I'm pretty sure cuddling is the first thing on any new mom's list of things she's looking forward to on any given day. For me, at least, responsibilities like feedings, diaper changes, terrifying newborn baths, and tiny fingernail trimmings much lower on the list. It's a good thing that it's the most appealing thing to parents, too, because the ways in which cuddling affects your baby's brain are incredibly beneficial. Hey, don't take my mom-who-loves-to-cuddle-her-daughter word for it. Just ask science.
Alyson Shaw, a pediatrician at the Children’s Hospital of Eastern Ontario, told Today's Parent that cuddling is actually critical for your baby's brain development. It wasn't the easiest theory to test, obviously, because who's going to allow their newborn to go un-cuddled for weeks on end, right? But according to TIME's science department, a study published a few years ago in Biological Psychiatry managed to do just that.
Scientists were able to compare a set of premature babies in a NICU hospital in order to see how cuddling and physical touch affected the babies' development over time. What the study called "kangaroo care," or holding a baby instead of leaving it in a swing or crib, was only newly being introduced to hospitals, so it was still the normal standard of care not to hold babies for fear they'd catch germs that would adversely affect their already frail health.
The researchers were then able to look at the development of both sets of babies over the course of months and years. At 3, 6, 12, 18 and 24 months, then at 5 and 10 years, babies were examined to determine how they were sleeping, socializing, and developing. As explained in TIME, the babies who were held one hour each day for two weeks after birth, fared much better: "As babies, they had more organized — or predictable — sleep patterns, steadier respiration and heart rates, and better affective attention — or the ability to direct their gaze and actions toward a goal."
The big news from the study was that babies didn't need to be cuddled every minute of every day in order to receive the benefits of being cuddled. They were only cuddled for an hour a day for 14 days, but their levels of oxytocin (the hormone that makes babies feel happy and connected to their parents) were markedly higher compared to the babies who weren't held at all during the same time period. Their stress hormones were lower and they were more able to regulate their own emotions and calm themselves.

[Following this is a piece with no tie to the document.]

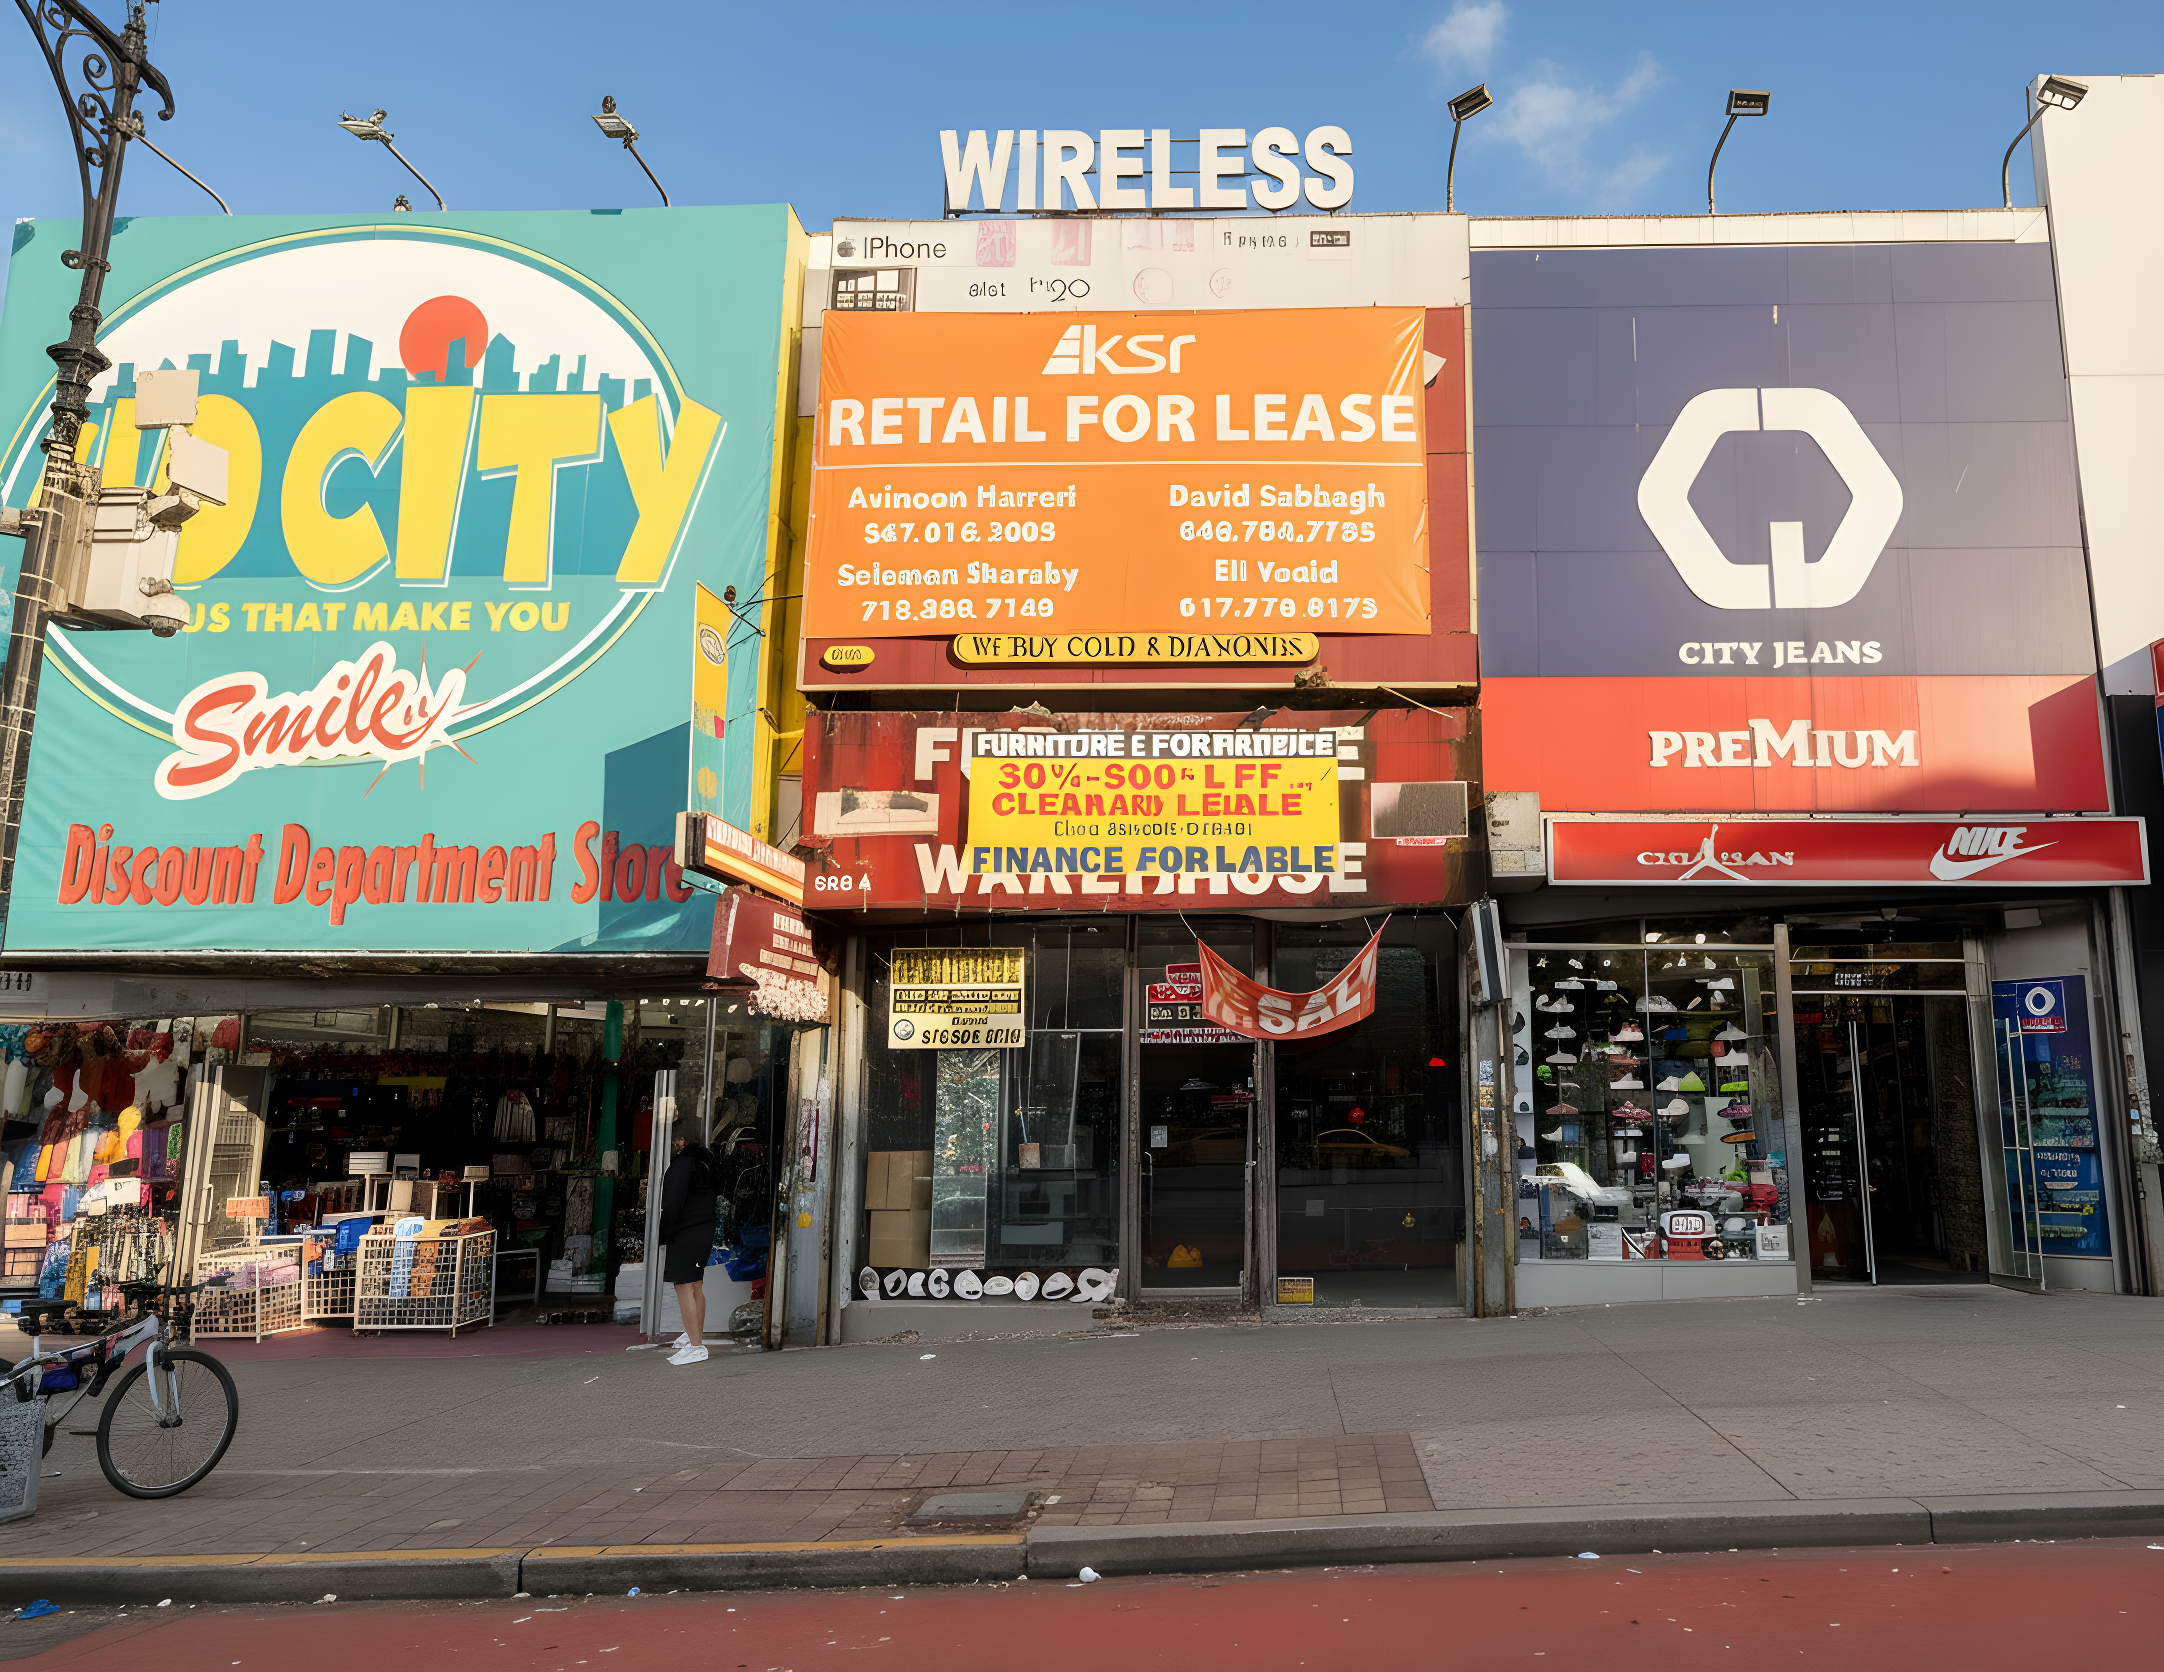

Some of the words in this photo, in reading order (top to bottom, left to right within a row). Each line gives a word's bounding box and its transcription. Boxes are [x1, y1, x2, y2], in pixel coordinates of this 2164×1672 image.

A more recent study looked at the impact of skin-to-skin contact between parents and their newborn babies, and concluded that holding and cuddling your baby puts your baby in no danger of being spoiled or coddled. Instead, it provides the first building block of communication and regulation that a baby learns — even before sight and hearing.
So great news, parents: all that cuddling will only help your baby's brain develop and grow. So leave the dishes for another day and order out instead of cook, because cuddling your baby is doing them some developmental good.